In the copy, keep every word of the data below and none of its pictures.
*** Data shown ***
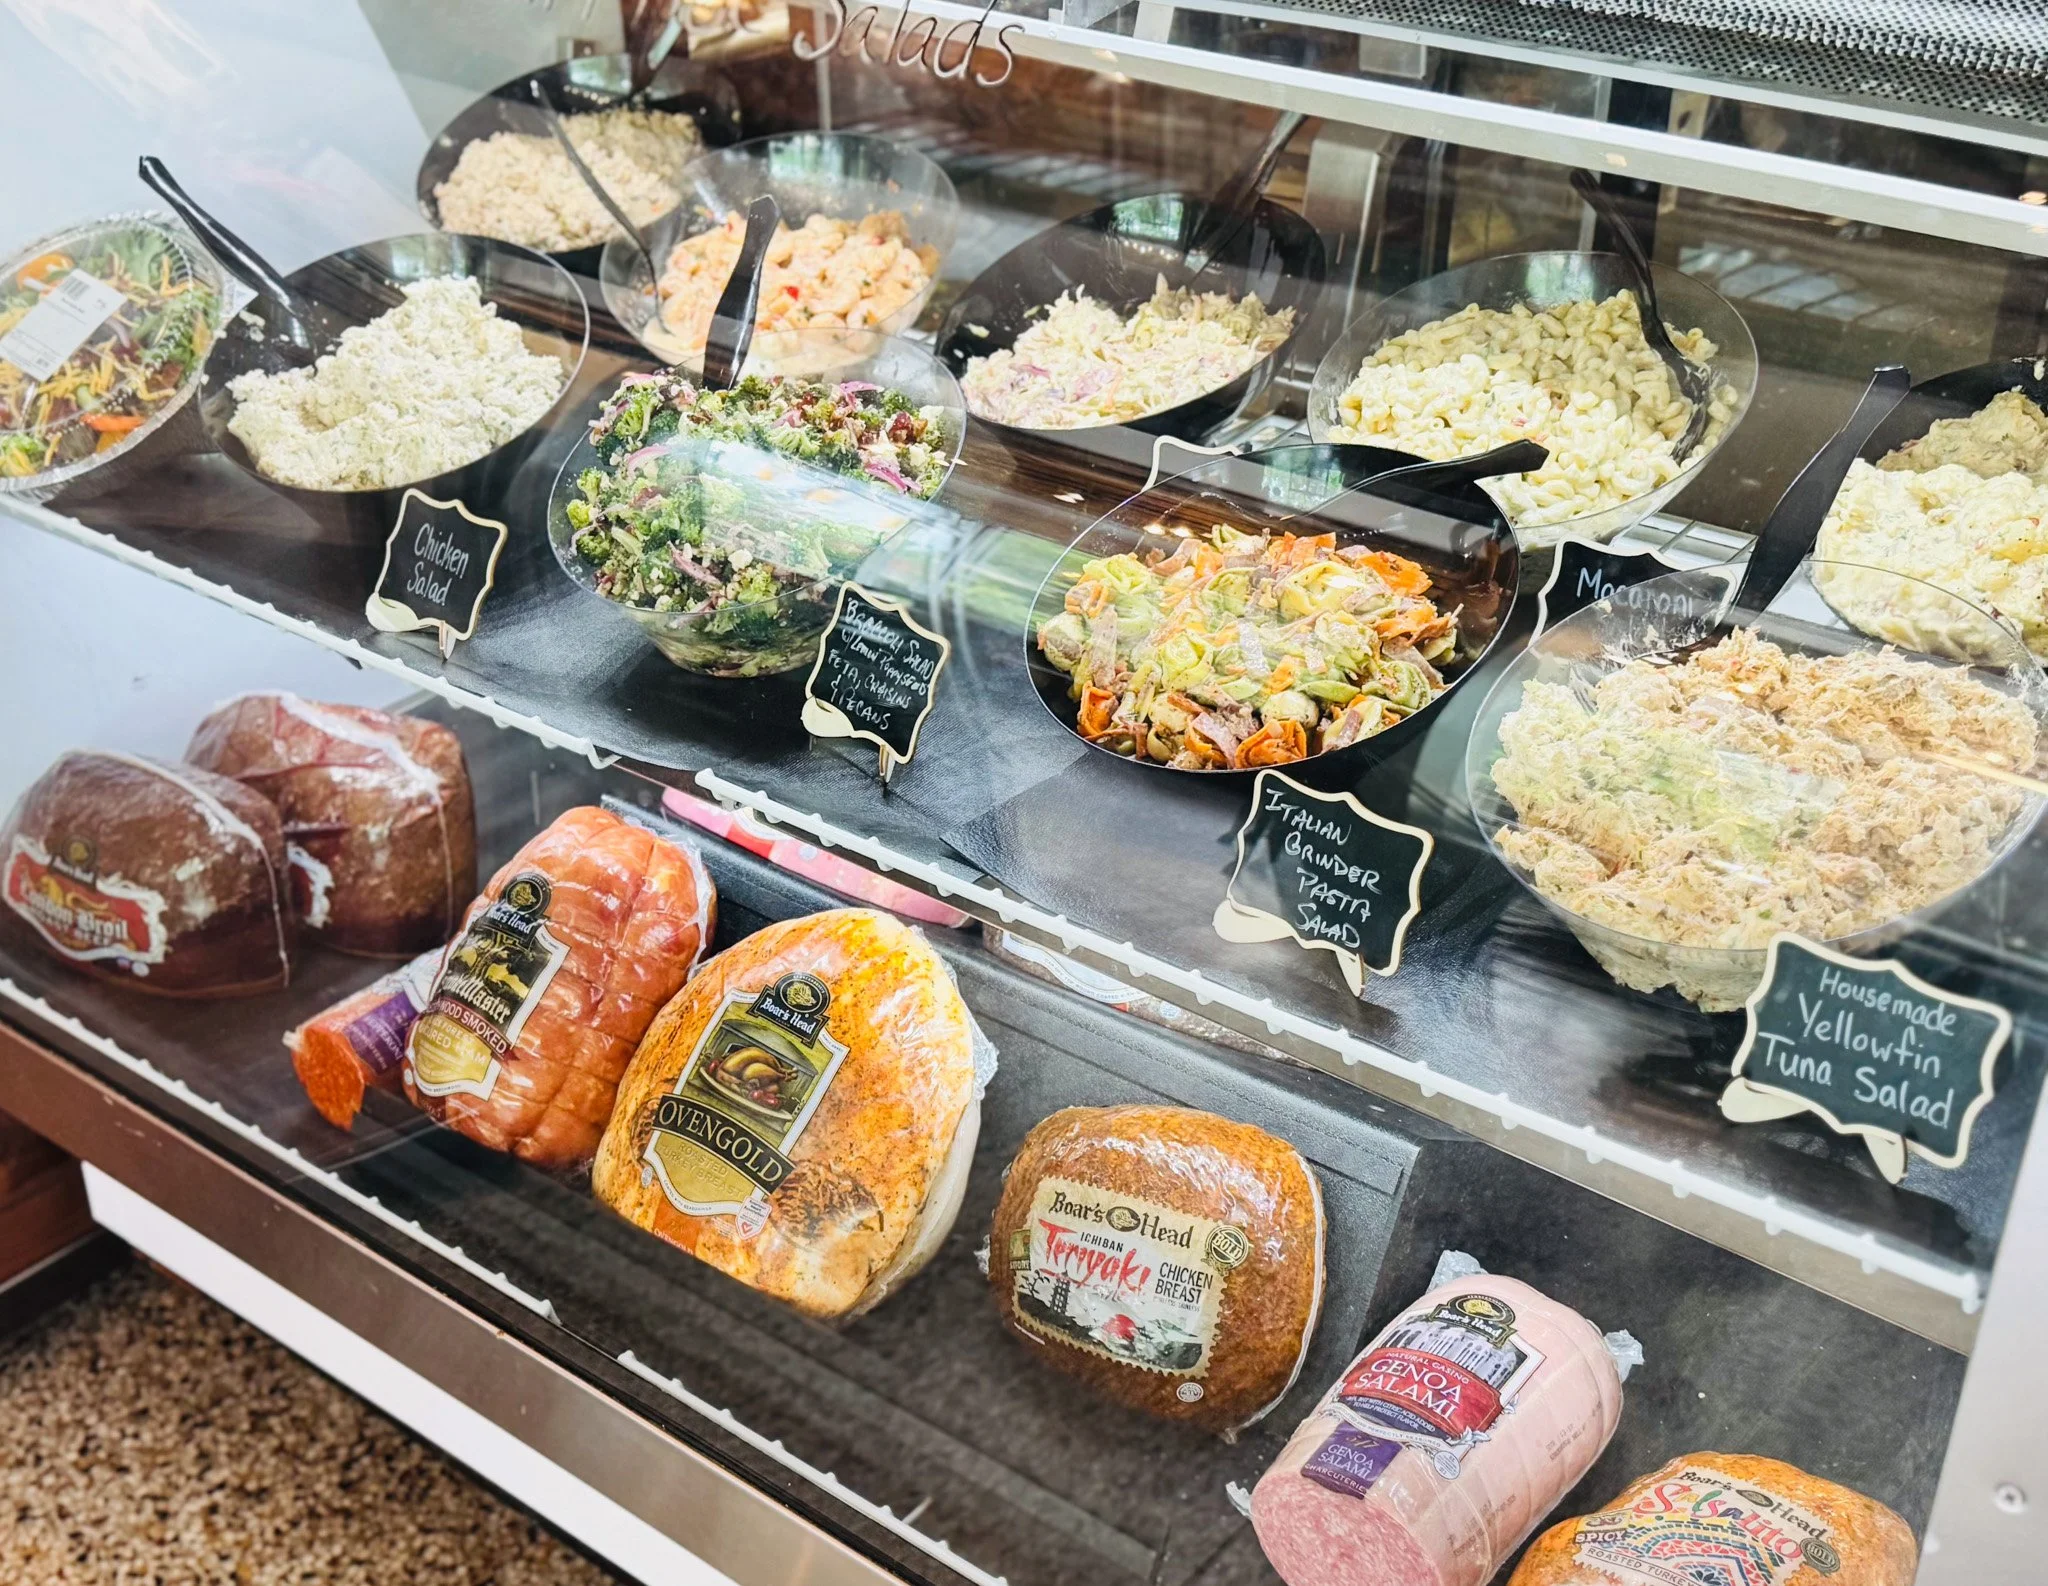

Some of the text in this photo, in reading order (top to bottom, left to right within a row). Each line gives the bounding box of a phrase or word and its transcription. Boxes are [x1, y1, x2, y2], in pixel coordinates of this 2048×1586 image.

[414, 523, 470, 579] Chicken
[406, 561, 452, 606] Salad
[839, 686, 891, 730] PECANS
[1264, 788, 1351, 846] ITALIAN
[1284, 831, 1382, 895] GRINDER
[1296, 867, 1371, 923] PASTA
[509, 914, 533, 935] Head
[1295, 902, 1361, 949] SALAD
[760, 997, 817, 1035] Boar's Head
[1819, 966, 1957, 1037] Housemade
[461, 1011, 507, 1054] SMOKED
[1798, 992, 1940, 1079] Yellowfin
[1758, 1031, 1954, 1130] Tuna Salad
[659, 1100, 783, 1182] OVENGOLD
[1048, 1190, 1194, 1250] Boar's Head
[1080, 1231, 1124, 1253] ICHIBAN
[1213, 1232, 1243, 1260] BOLD
[1154, 1278, 1203, 1305] BREAST
[1159, 1262, 1213, 1290] CHICKEN
[1471, 1317, 1503, 1337] Head
[1371, 1358, 1461, 1404] GENOA
[1386, 1352, 1470, 1384] NATURAL CASING
[1354, 1372, 1459, 1421] SALAMI
[1374, 1405, 1397, 1418] PROTECT
[1382, 1400, 1402, 1413] CITRIC
[1401, 1407, 1417, 1420] ACID
[1414, 1415, 1436, 1432] ADDED
[1304, 1463, 1366, 1493] CHARCUTERIE
[1318, 1452, 1371, 1478] SALAMI
[1327, 1443, 1374, 1470] GENOA
[1679, 1471, 1828, 1540] Boar's Head
[1575, 1530, 1627, 1543] SPICY
[1588, 1548, 1642, 1569] ROASTED
*** End of Data shown ***
- **Response for this exercise**:
Some of the text in this photo, in reading order (top to bottom, left to right within a row). Each line gives the bounding box of a phrase or word and its transcription. Boxes are [x1, y1, x2, y2], in pixel coordinates of this 2048×1586 image.

[414, 523, 470, 579] Chicken
[406, 561, 452, 606] Salad
[839, 686, 891, 730] PECANS
[1264, 788, 1351, 846] ITALIAN
[1284, 831, 1382, 895] GRINDER
[1296, 867, 1371, 923] PASTA
[509, 914, 533, 935] Head
[1295, 902, 1361, 949] SALAD
[760, 997, 817, 1035] Boar's Head
[1819, 966, 1957, 1037] Housemade
[461, 1011, 507, 1054] SMOKED
[1798, 992, 1940, 1079] Yellowfin
[1758, 1031, 1954, 1130] Tuna Salad
[659, 1100, 783, 1182] OVENGOLD
[1048, 1190, 1194, 1250] Boar's Head
[1080, 1231, 1124, 1253] ICHIBAN
[1213, 1232, 1243, 1260] BOLD
[1154, 1278, 1203, 1305] BREAST
[1159, 1262, 1213, 1290] CHICKEN
[1471, 1317, 1503, 1337] Head
[1371, 1358, 1461, 1404] GENOA
[1386, 1352, 1470, 1384] NATURAL CASING
[1354, 1372, 1459, 1421] SALAMI
[1374, 1405, 1397, 1418] PROTECT
[1382, 1400, 1402, 1413] CITRIC
[1401, 1407, 1417, 1420] ACID
[1414, 1415, 1436, 1432] ADDED
[1304, 1463, 1366, 1493] CHARCUTERIE
[1318, 1452, 1371, 1478] SALAMI
[1327, 1443, 1374, 1470] GENOA
[1679, 1471, 1828, 1540] Boar's Head
[1575, 1530, 1627, 1543] SPICY
[1588, 1548, 1642, 1569] ROASTED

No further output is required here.